FreqKV: Key-Value Compression in Frequency Domain for Context Window Extension

Existing key-value (KV) cache compression methods for large language models (LLMs) often rely on token eviction, which risks losing critical local information in both long prefilling and decoding scenarios. When extrapolating beyond the pretrained context length, their performance degrades sharply on long-context benchmarks. Motivated by the observation in the frequency domain that the context information is concentrated in the low-frequency components, we propose FreqKV, a parameter-free and architecture-agnostic approach. It iteratively compresses the increasing KV cache in the frequency domain, allowing models to process lengthy contexts efficiently. With minimal training at 8K length, FreqKV extends the context window of LLaMA-2-7B up to 256K tokens while maintaining stable perplexity. Extensive experiments across prefilling and decoding demonstrate that FreqKV enables robust context window extension and consistently outperforms existing KV cache compression methods on LLaMA-2 and LLaMA-3, highlighting its effectiveness for both understanding and generation in long contexts.

💡 Research Summary

FreqKV introduces a novel, parameter‑free method for extending the context window of large language models (LLMs) by compressing the key‑value (KV) cache in the frequency domain.

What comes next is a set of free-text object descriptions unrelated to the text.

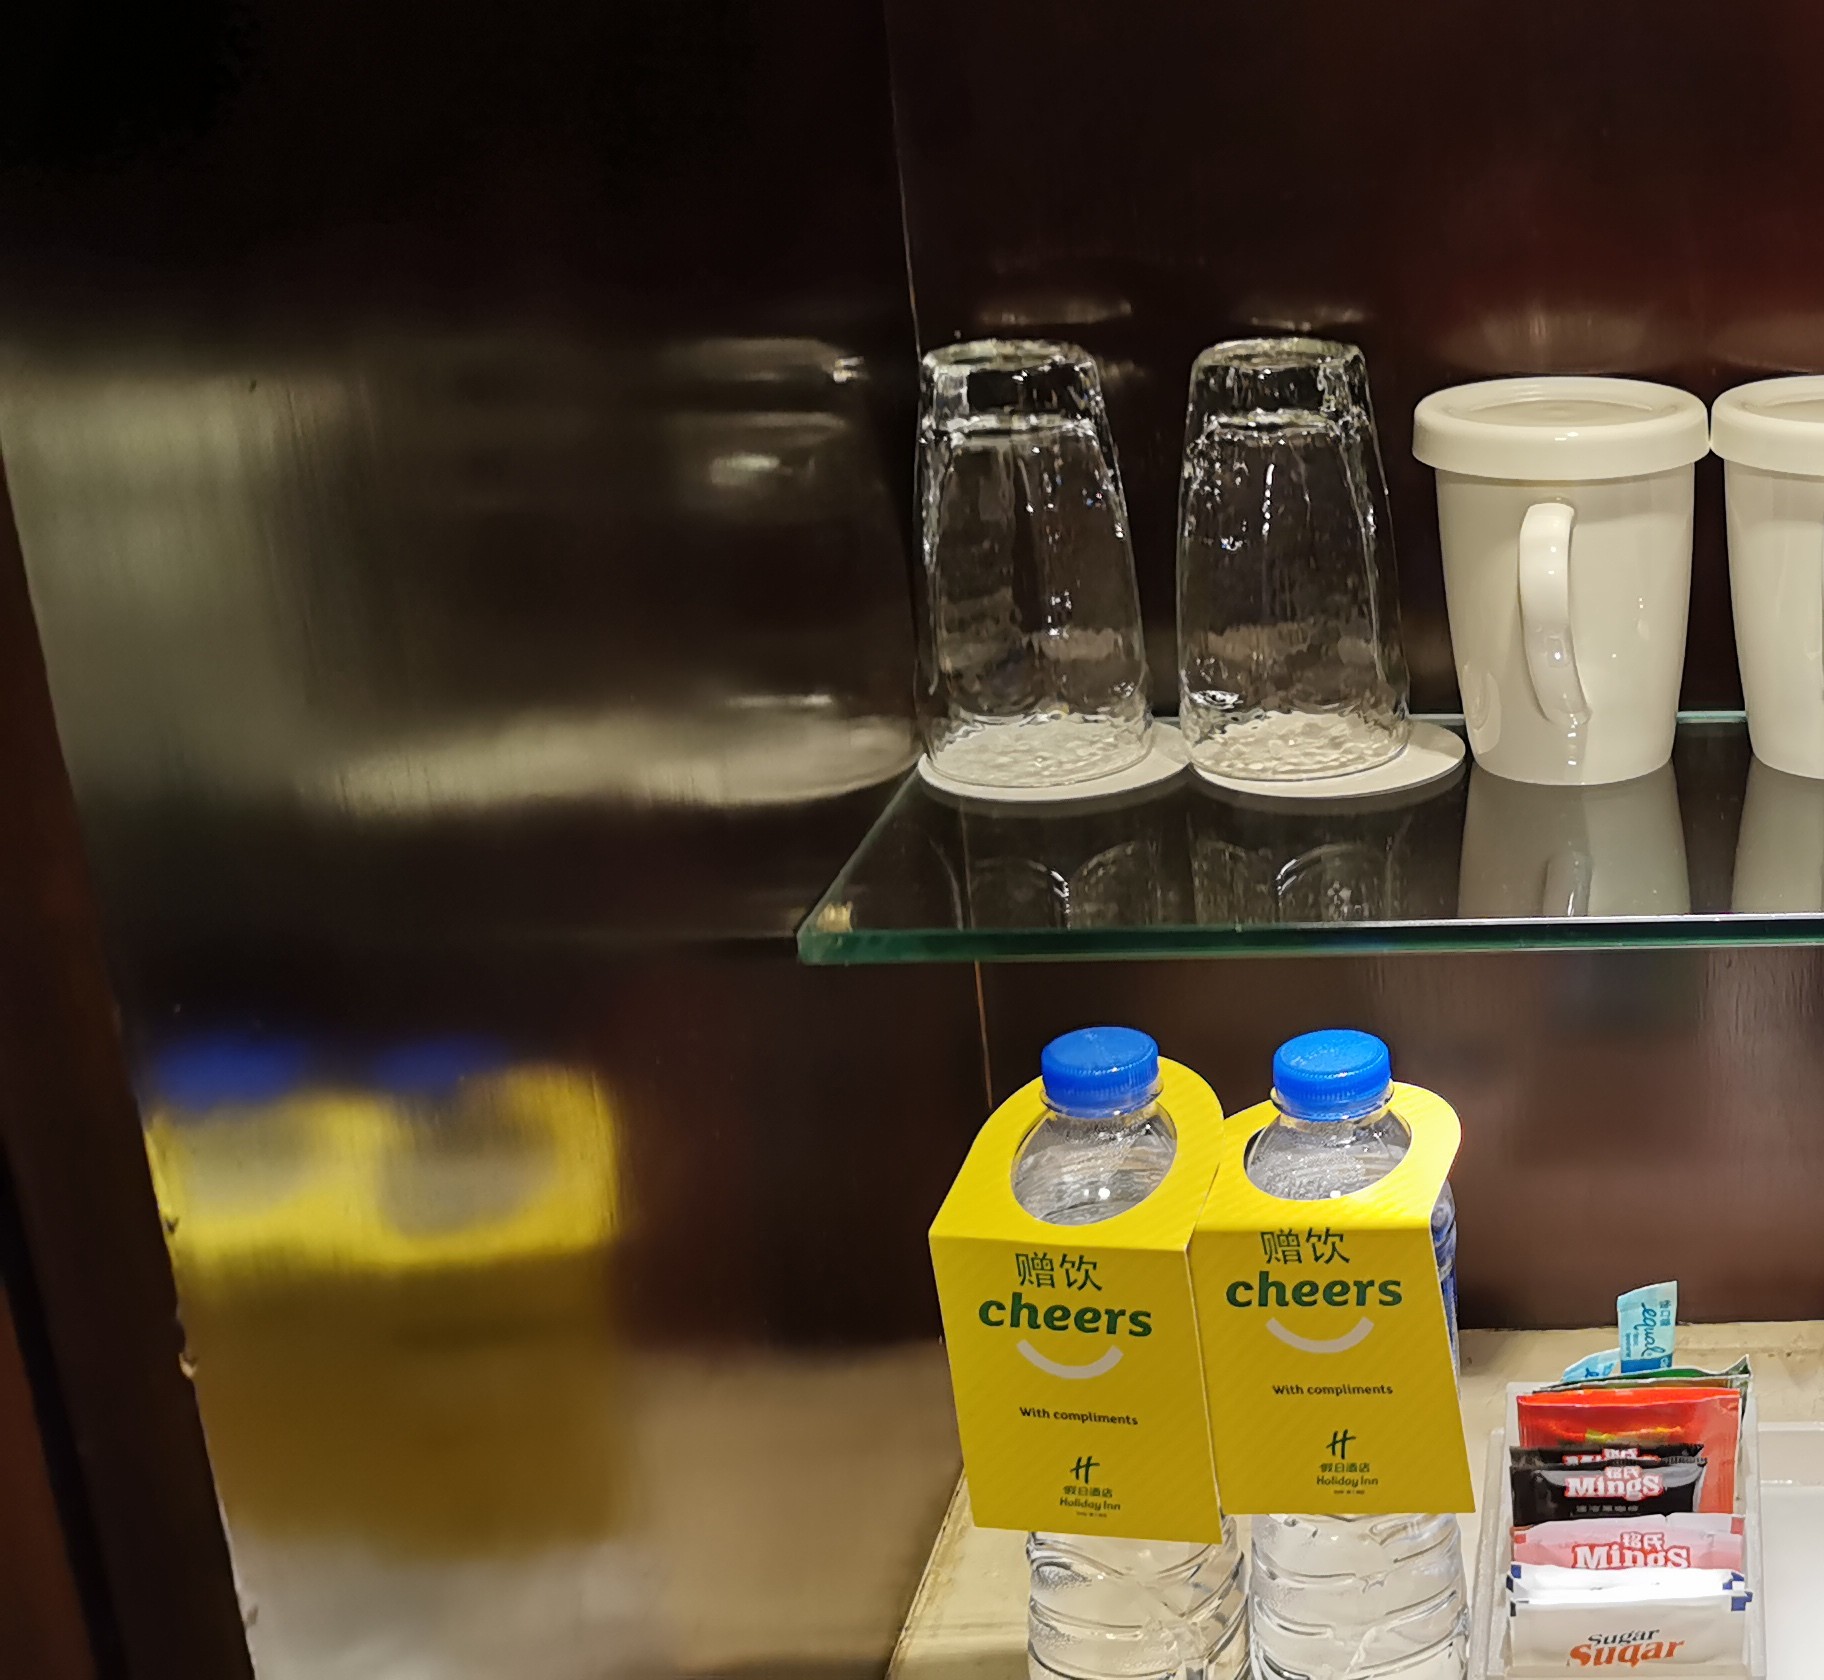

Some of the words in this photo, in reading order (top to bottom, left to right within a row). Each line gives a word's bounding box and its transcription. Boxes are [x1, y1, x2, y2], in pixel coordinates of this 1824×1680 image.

[1261, 1227, 1350, 1264] 赠饮
[1015, 1252, 1103, 1291] 赠饮
[1226, 1271, 1403, 1307] cheers
[979, 1292, 1153, 1337] cheers
[1272, 1384, 1304, 1395] With
[1307, 1384, 1393, 1396] compliments
[1019, 1407, 1050, 1419] With
[1053, 1410, 1138, 1425] compliments
[1316, 1475, 1359, 1488] Holiday
[1360, 1476, 1379, 1485] Inn
[1060, 1498, 1101, 1511] Holiday
[1103, 1501, 1121, 1511] Inn

The authors begin with an empirical observation: the energy of KV states in LLaMA‑2‑7B concentrates increasingly in low‑frequency components as depth grows. By applying a discrete cosine transform (DCT) along the sequence dimension, they map the KV cache into the frequency domain, retain only the low‑frequency coefficients (a configurable retention ratio γ, default 0.5), discard the high‑frequency part, and then reconstruct the compressed KV via inverse DCT (IDCT) with appropriate scaling.

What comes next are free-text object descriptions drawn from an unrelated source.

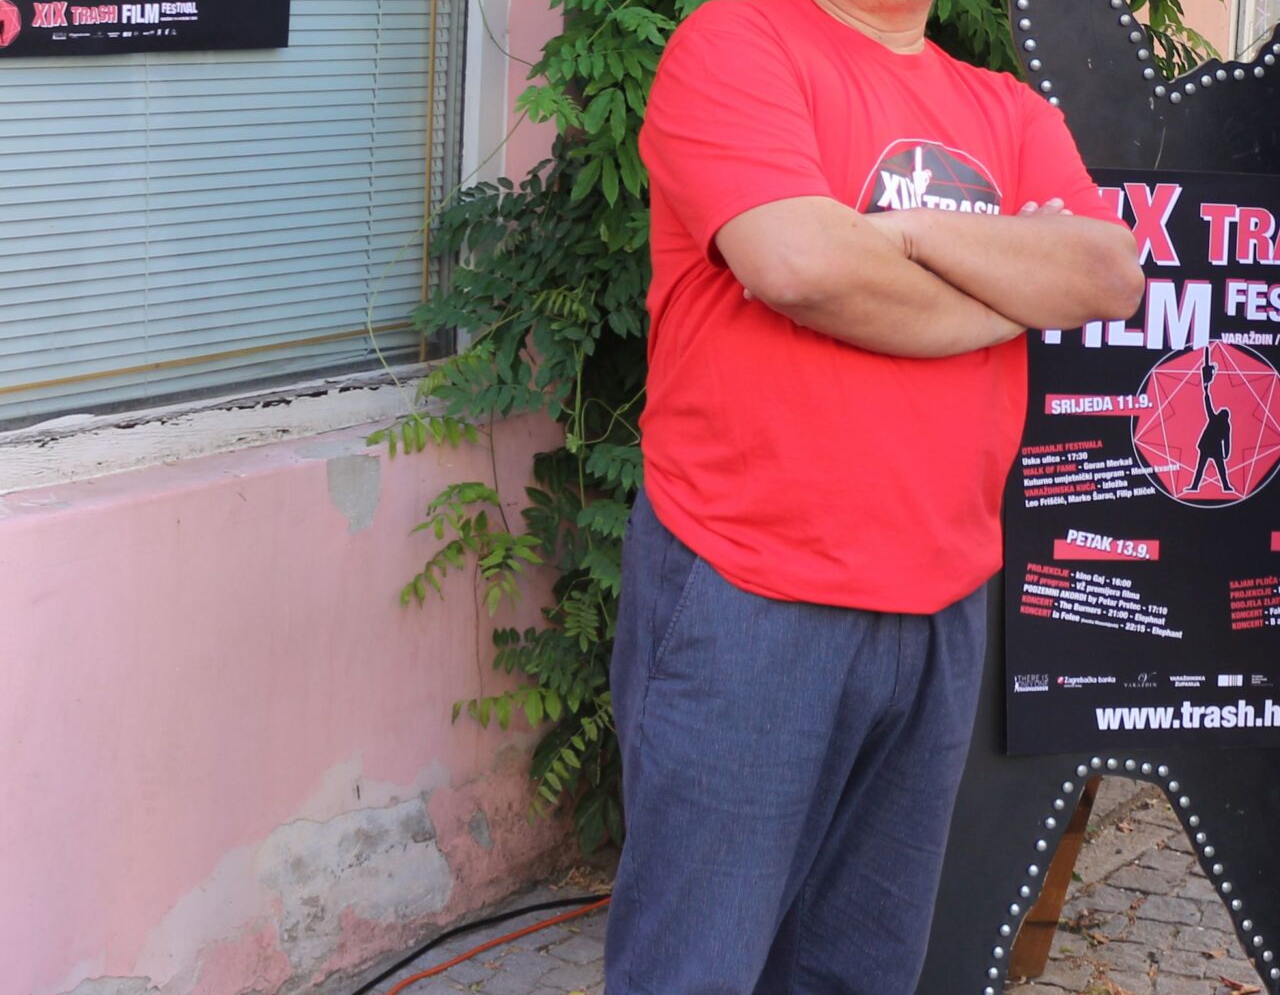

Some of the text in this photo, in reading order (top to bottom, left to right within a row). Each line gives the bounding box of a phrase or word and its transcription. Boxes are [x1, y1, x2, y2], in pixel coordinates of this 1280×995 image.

[32, 1, 198, 28] XIX TRASH FILM FESTIVAL
[1221, 331, 1272, 346] VARAŽDIN
[1051, 394, 1152, 414] SRIJEDA 11.9.
[1022, 440, 1103, 455] OTVARANJE FESTIVALA
[1022, 452, 1088, 466] Uska ulica 17:30
[1023, 466, 1044, 476] WALK
[1084, 461, 1106, 470] Goran
[1094, 470, 1124, 482] program
[1068, 494, 1092, 504] Marko
[1067, 529, 1150, 560] PETAK 13.9.
[1027, 563, 1070, 577] PROJEKCIJE
[1076, 571, 1092, 582] kino
[1093, 573, 1105, 584] Gaj
[1024, 584, 1060, 597] PODZEMNI
[1060, 590, 1087, 602] AKORDI
[1088, 593, 1097, 604] by
[1086, 584, 1120, 598] premijera
[1022, 595, 1053, 607] KONCERT
[1060, 600, 1072, 610] The
[1108, 609, 1128, 620] 21:00
[1232, 609, 1263, 620] KONCERT
[1020, 606, 1052, 618] KONCERT
[1152, 626, 1182, 639] Elephant
[1232, 619, 1264, 630] KONCERT

The compression is performed iteratively. When the cache reaches its maximum size N (e.g., the original 4 096 token window), the KV matrices are transformed, filtered, and reconstructed, reducing the effective cache size to L = γ · N. The compressed KV is then concatenated with newly arriving tokens; once the cache fills again, the process repeats. Early “sink” tokens (S = 4 in experiments) are never compressed, preserving the most important initial context, a design motivated by the “attention sink” phenomenon reported in recent work. Because the compression operates on the KV matrices before applying RoPE, positional embeddings are re‑applied after reconstruction using the new indices, eliminating the need for position extrapolation.

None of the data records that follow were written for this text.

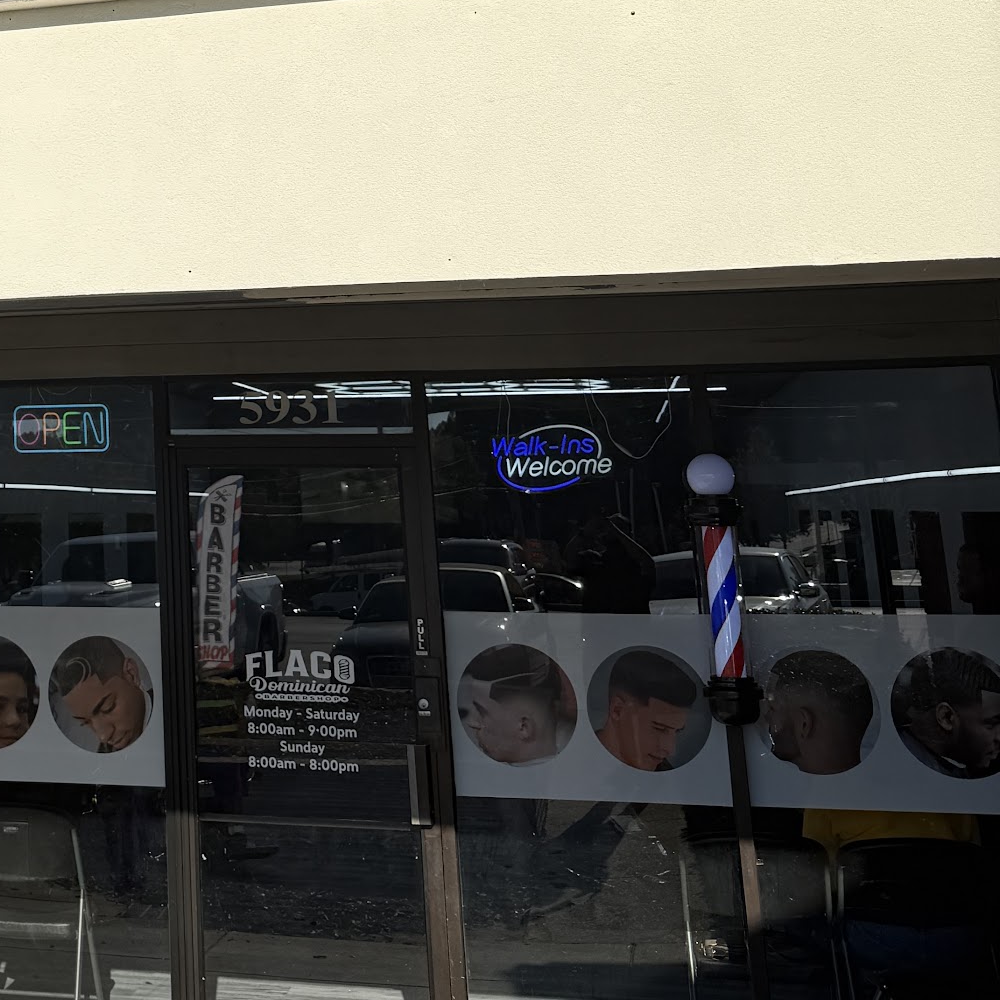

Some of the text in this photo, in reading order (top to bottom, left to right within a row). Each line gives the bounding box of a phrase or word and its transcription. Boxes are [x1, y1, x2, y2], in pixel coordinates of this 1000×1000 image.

[238, 388, 345, 425] 5931
[17, 411, 105, 446] OPEN
[491, 434, 595, 458] Walk-Ins
[506, 455, 613, 478] Welcome
[203, 503, 226, 642] BARBER
[416, 618, 426, 650] PULL
[245, 649, 355, 685] FLACO
[249, 676, 351, 694] Dominican
[264, 694, 340, 702] BARBERSHOP
[243, 705, 293, 721] Monday
[305, 708, 360, 723] Saturday
[247, 722, 296, 736] 8:00am
[279, 740, 325, 756] Sunday
[248, 756, 297, 770] 8:00am
[309, 759, 360, 774] 8:00pm

Training is minimal: a short fine‑tuning phase of 1–2 epochs on 8 K‑length sequences suffices to adapt the model to the compressed representation. Experiments span LLaMA‑2‑7B/13B and LLaMA‑3‑8B, evaluating both prefilling (understanding) and decoding (generation) scenarios. Results show that extending the context window up to 256 K tokens incurs only a tiny perplexity increase (≈ 0.2–0.4), outperforming token‑eviction baselines such as SnapKV, PyramidKV, and FastKV by 10–15 % in perplexity. On long‑context benchmarks (LongBench, RULER, Needle‑in‑a‑Haystack) the low‑frequency‑only version yields substantially higher ROUGE and accuracy scores, confirming that low‑frequency components encode global semantics while high‑frequency components capture finer, less critical details. In generation tests (LongGenBench) FreqKV maintains token quality while halving memory consumption compared to the uncompressed baseline.

Complexity analysis indicates that each compression step costs O(N log N) due to the DCT/IDCT operations, and it is triggered only once every N − L tokens, making the overhead negligible relative to the overall self‑attention cost. The method requires no additional parameters, no architectural changes, and works with any decoder‑only Transformer that uses KV caching, making it broadly applicable.

The paper also discusses potential extensions: adaptive retention ratios, alternative transforms (FFT, wavelets), and dynamic scheduling of compression based on token importance. By grounding the approach in the Frequency Principle—low frequencies converge faster and dominate learned representations—the authors provide both theoretical justification and practical evidence that frequency‑domain KV compression is a viable path toward scalable, long‑context LLM inference.